▸ WORK TO COMPLETE
Your reply should reproduce each entry exactly and contain no pictures.

▸ DATA FOR PROCESSING

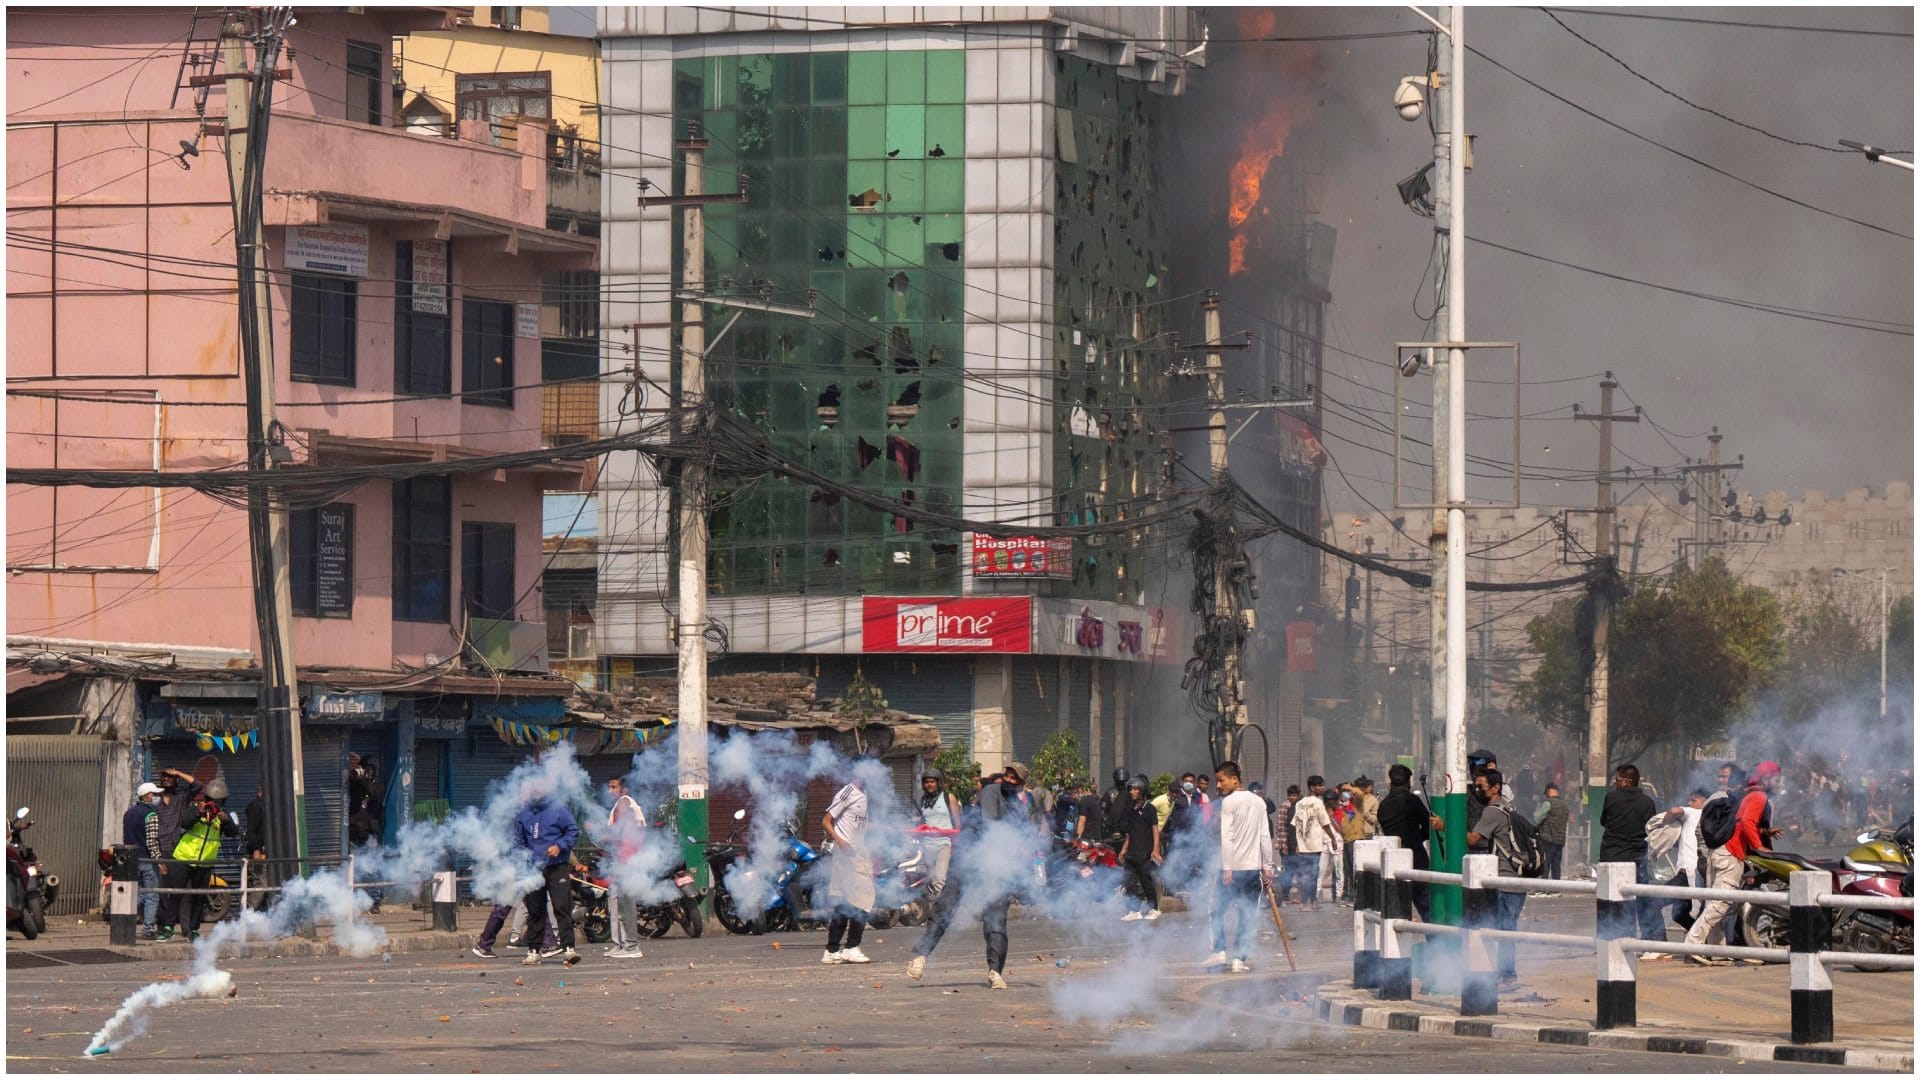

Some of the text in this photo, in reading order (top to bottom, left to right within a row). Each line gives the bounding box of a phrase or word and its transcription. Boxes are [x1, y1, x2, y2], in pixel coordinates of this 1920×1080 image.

[321, 510, 345, 532] Suraj
[325, 529, 341, 543] Art
[320, 543, 346, 555] Service
[975, 538, 1046, 550] Hospital
[901, 611, 993, 639] prime

▸ OUTPUT FOR THIS EXERCISE
Some of the text in this photo, in reading order (top to bottom, left to right within a row). Each line gives the bounding box of a phrase or word and its transcription. Boxes are [x1, y1, x2, y2], in pixel coordinates of this 1920×1080 image.

[321, 510, 345, 532] Suraj
[325, 529, 341, 543] Art
[320, 543, 346, 555] Service
[975, 538, 1046, 550] Hospital
[901, 611, 993, 639] prime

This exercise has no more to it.